A liquid water management strategy for PEM fuel cell stacks

Abstract

Gas and water management are key to achieving good performance from a PEM fuel cell stack. Previous experimentation had found, and this experimentation confirms, that one very effective method of achieving proper gas and water management is the use of an Interdigitated flow field design. However, the results of a single fuel cell with an Interdigitated flow field could not be extended to a multi-cell stack because of the inability to establish uniform gas flow to each individual cell. Since the interdigitated flow field uses the flow of gas for excess water removal, a deficient flow of gas causes the cell to become flooded. To alleviate this problem of unequal gas distribution, a method of sequentially exhausting each individual cell was developed.

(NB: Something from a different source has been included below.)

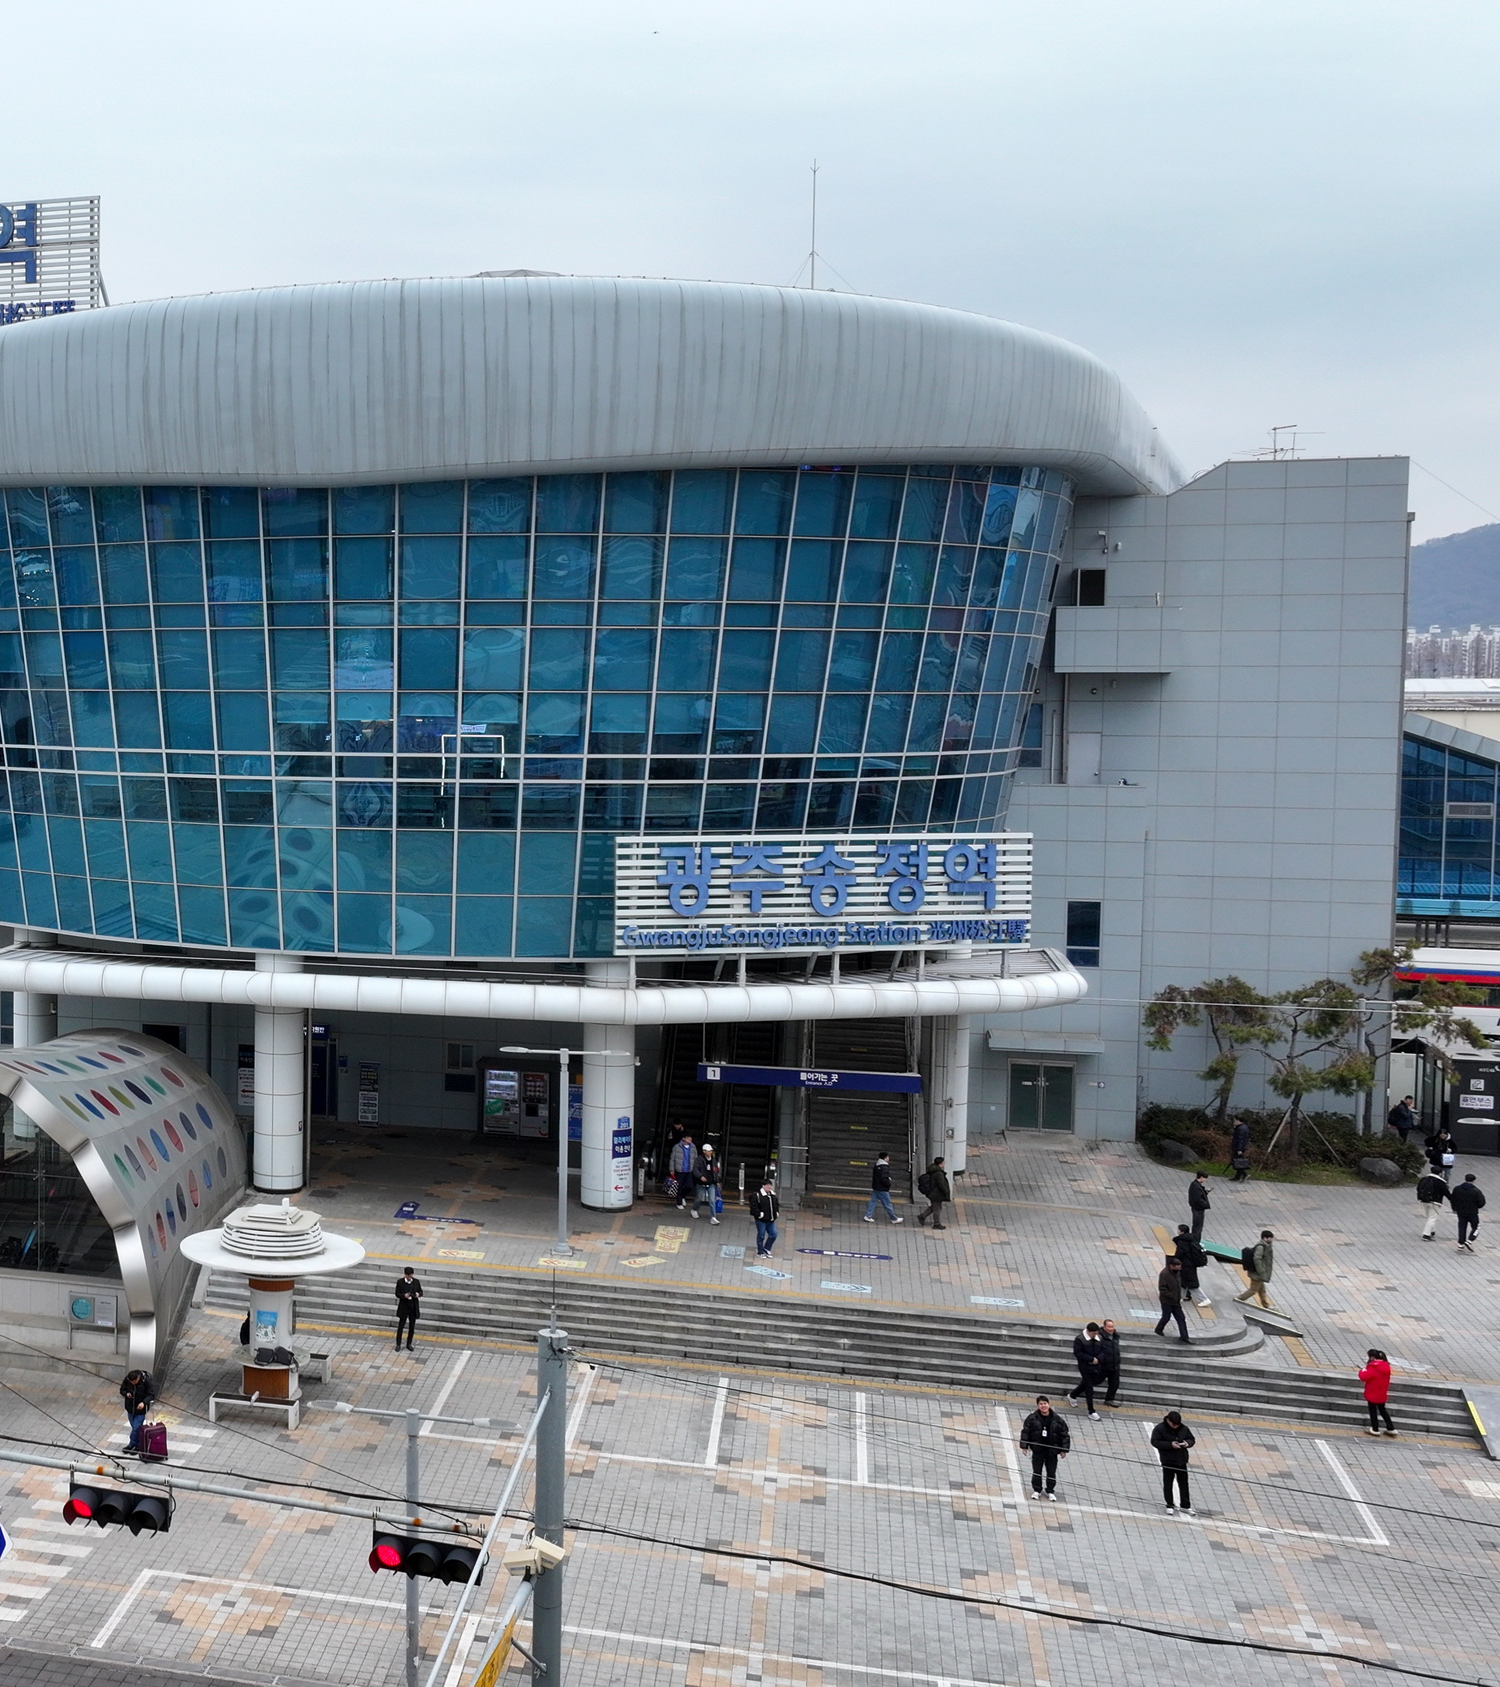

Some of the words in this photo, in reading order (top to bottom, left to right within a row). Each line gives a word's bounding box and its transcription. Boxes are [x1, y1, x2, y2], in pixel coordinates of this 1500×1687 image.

This method controls each cell’s exhaust so that only one cell at any given time has an open exhaust port, thereby, ensuring gas will flow through that cell. By sequentially exhausting each cell, it will be ensured that the gas will flow to each cell and provide the water management necessary to achieve good performance. This was demonstrated in a three-cell PEM stack with interdigitated flow fields operating at ambient pressure and temperature on neat hydrogen and oxygen. The results showed that the use of sequential exhaust control improved the peak power from 0.26 W/cm 2 per cell without exhaust control to 0.50 W/cm 2 per cell, a doubling of the power density.